> _Problem requirements_
Word-for-word transcription: reproduce all of the data, but not the pictures.

(Annotated photo localization data)
────────────────────────────────────────
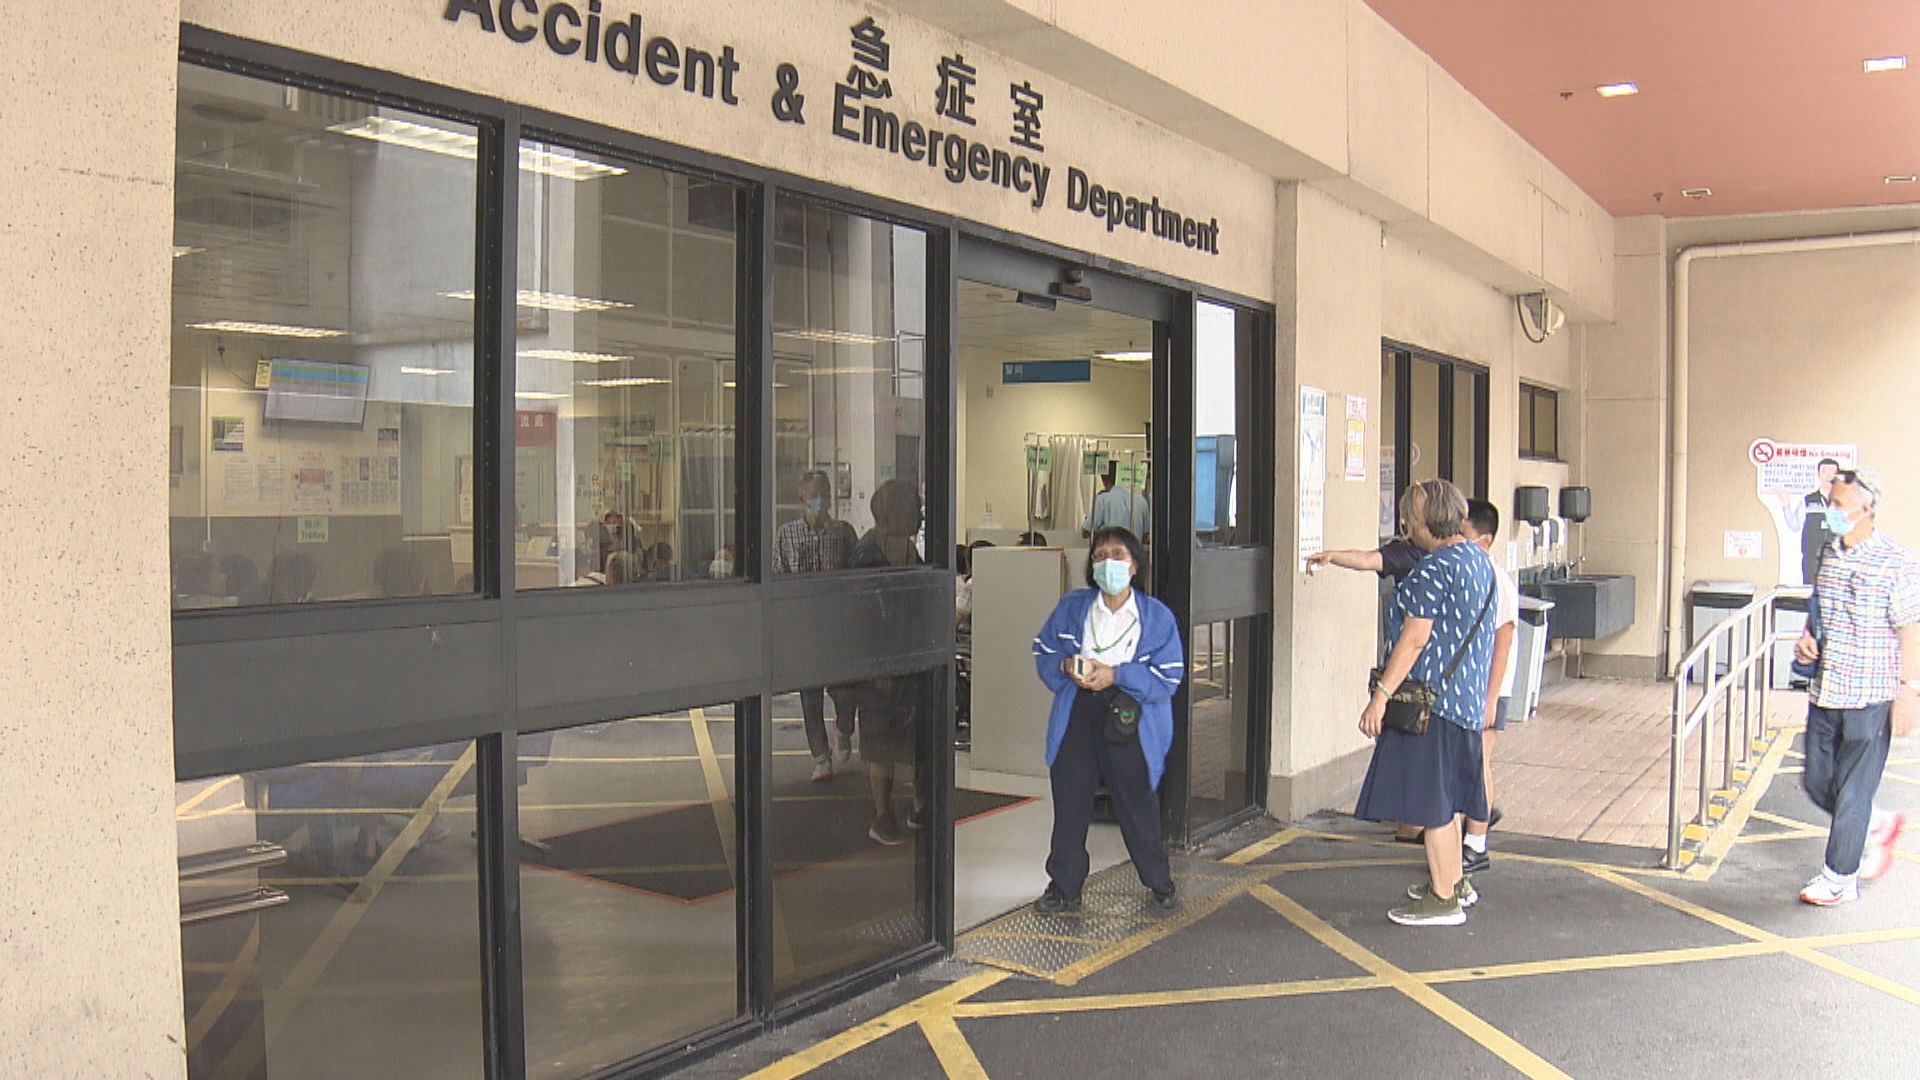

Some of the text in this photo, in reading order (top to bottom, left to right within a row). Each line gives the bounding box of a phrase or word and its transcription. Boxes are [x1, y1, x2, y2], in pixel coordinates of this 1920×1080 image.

[771, 62, 806, 125] &
[832, 82, 1051, 209] Emergency
[1067, 166, 1220, 255] Department
[847, 16, 1045, 152] 急症室
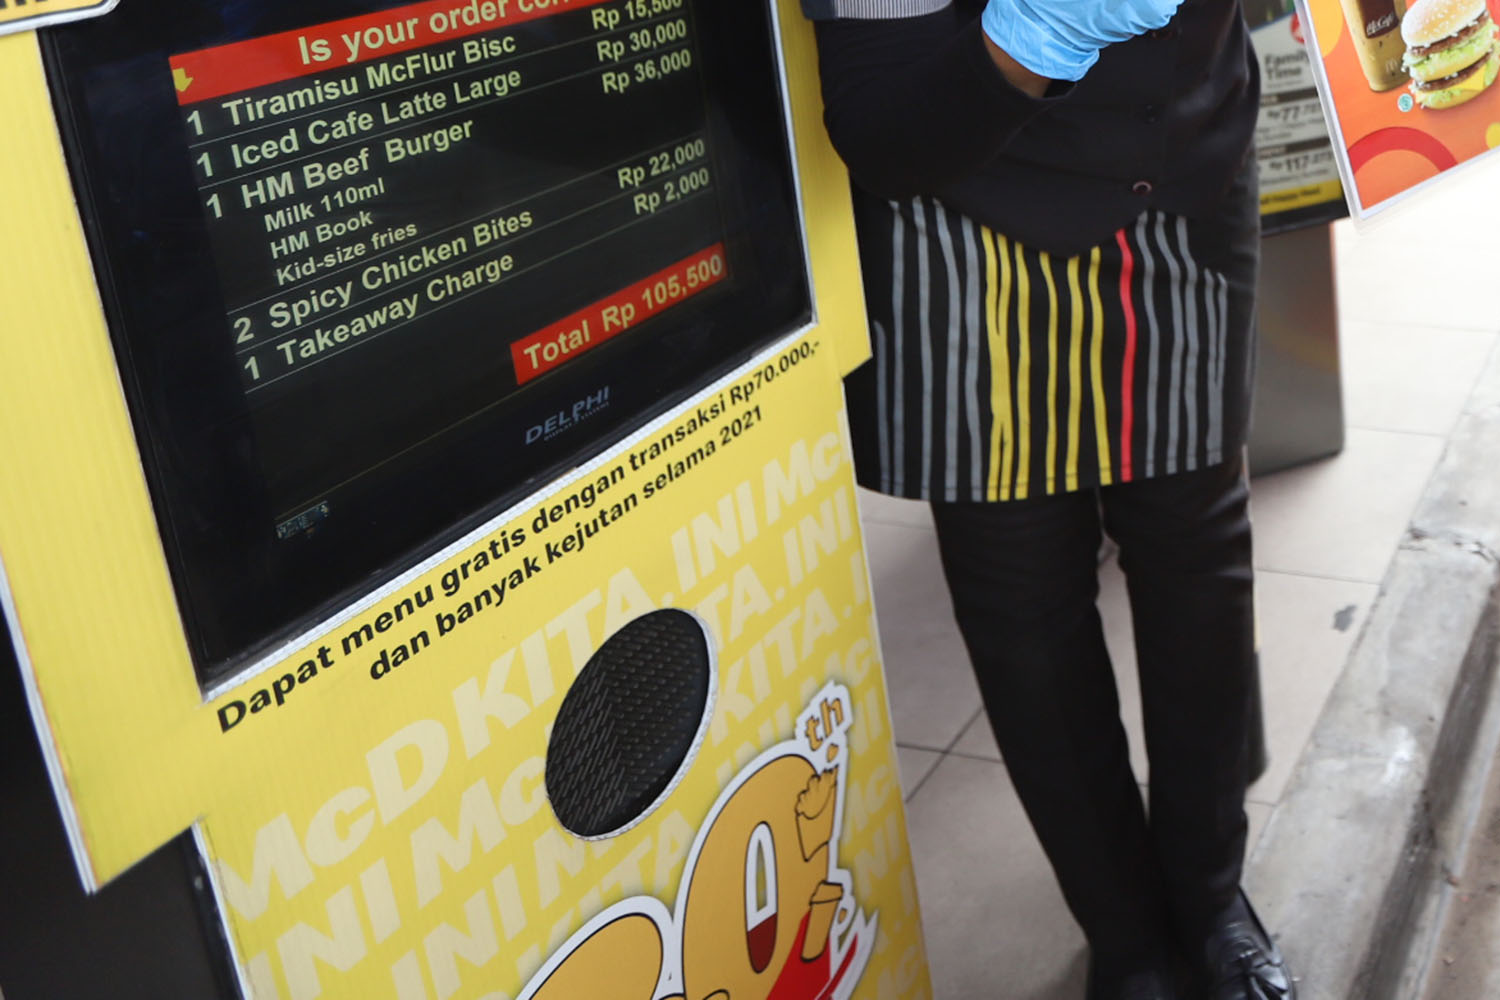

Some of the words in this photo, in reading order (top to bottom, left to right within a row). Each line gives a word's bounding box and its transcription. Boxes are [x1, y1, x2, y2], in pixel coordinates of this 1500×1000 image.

[186, 109, 204, 136] 1
[221, 76, 359, 127] Tiramisu
[365, 49, 457, 90] McFlur
[462, 35, 516, 64] Bisc
[591, 6, 621, 31] Rp
[196, 151, 213, 178] 1
[230, 128, 301, 170] Iced
[306, 111, 375, 146] Cafe
[380, 88, 448, 126] Latte
[452, 69, 521, 105] Large
[596, 38, 625, 63] Rp
[628, 18, 688, 54] 30,000
[297, 34, 333, 66] Is
[340, 17, 419, 63] your
[205, 192, 224, 219] 1
[240, 170, 296, 210] HM
[302, 147, 370, 190] Beef
[384, 118, 474, 164] Burger
[601, 70, 631, 94] Rp
[633, 48, 692, 84] 36,000
[233, 316, 255, 345] 2
[268, 281, 354, 330] Spicy
[361, 235, 469, 291] Chicken
[472, 208, 535, 249] Bites
[616, 165, 646, 189] Rp
[648, 138, 706, 178] 22,000
[263, 201, 315, 233] Milk
[320, 177, 386, 214] 110ml
[269, 234, 311, 261] HM
[315, 209, 376, 244] Book
[275, 239, 368, 287] Kid-size
[370, 221, 419, 252] fries
[243, 355, 262, 382] 1
[275, 294, 420, 367] Takeaway
[425, 253, 515, 304] Charge
[632, 190, 661, 215] Rp
[663, 167, 710, 205] 2,000
[522, 319, 591, 370] Total
[600, 300, 636, 332] Rp
[640, 253, 724, 311] 105,500
[525, 385, 610, 445] DELPHI
[215, 644, 336, 735] Dapat
[340, 583, 436, 657] menu
[439, 526, 527, 599] gratis
[531, 464, 626, 533] dengan
[628, 393, 727, 472] transaksi
[729, 337, 822, 409] Rp70.000,-
[368, 628, 432, 681] dan
[434, 556, 542, 638] banyak
[544, 492, 640, 566] kejutan
[641, 439, 718, 500] selama
[719, 404, 764, 447] 2021
[805, 697, 844, 752] th
────────────────────────────────────────
> _The completed task_
Some of the text in this photo, in reading order (top to bottom, left to right within a row). Each line gives the bounding box of a phrase or word and its transcription. Boxes are [x1, y1, x2, y2], in pixel coordinates of this 1920×1080 image.

[771, 62, 806, 125] &
[832, 82, 1051, 209] Emergency
[1067, 166, 1220, 255] Department
[847, 16, 1045, 152] 急症室

Some of the words in this photo, in reading order (top to bottom, left to right within a row). Each line gives a word's bounding box and its transcription. Boxes are [x1, y1, x2, y2], in pixel coordinates of this 1500×1000 image.

[186, 109, 204, 136] 1
[221, 76, 359, 127] Tiramisu
[365, 49, 457, 90] McFlur
[462, 35, 516, 64] Bisc
[591, 6, 621, 31] Rp
[196, 151, 213, 178] 1
[230, 128, 301, 170] Iced
[306, 111, 375, 146] Cafe
[380, 88, 448, 126] Latte
[452, 69, 521, 105] Large
[596, 38, 625, 63] Rp
[628, 18, 688, 54] 30,000
[297, 34, 333, 66] Is
[340, 17, 419, 63] your
[205, 192, 224, 219] 1
[240, 170, 296, 210] HM
[302, 147, 370, 190] Beef
[384, 118, 474, 164] Burger
[601, 70, 631, 94] Rp
[633, 48, 692, 84] 36,000
[233, 316, 255, 345] 2
[268, 281, 354, 330] Spicy
[361, 235, 469, 291] Chicken
[472, 208, 535, 249] Bites
[616, 165, 646, 189] Rp
[648, 138, 706, 178] 22,000
[263, 201, 315, 233] Milk
[320, 177, 386, 214] 110ml
[269, 234, 311, 261] HM
[315, 209, 376, 244] Book
[275, 239, 368, 287] Kid-size
[370, 221, 419, 252] fries
[243, 355, 262, 382] 1
[275, 294, 420, 367] Takeaway
[425, 253, 515, 304] Charge
[632, 190, 661, 215] Rp
[663, 167, 710, 205] 2,000
[522, 319, 591, 370] Total
[600, 300, 636, 332] Rp
[640, 253, 724, 311] 105,500
[525, 385, 610, 445] DELPHI
[215, 644, 336, 735] Dapat
[340, 583, 436, 657] menu
[439, 526, 527, 599] gratis
[531, 464, 626, 533] dengan
[628, 393, 727, 472] transaksi
[729, 337, 822, 409] Rp70.000,-
[368, 628, 432, 681] dan
[434, 556, 542, 638] banyak
[544, 492, 640, 566] kejutan
[641, 439, 718, 500] selama
[719, 404, 764, 447] 2021
[805, 697, 844, 752] th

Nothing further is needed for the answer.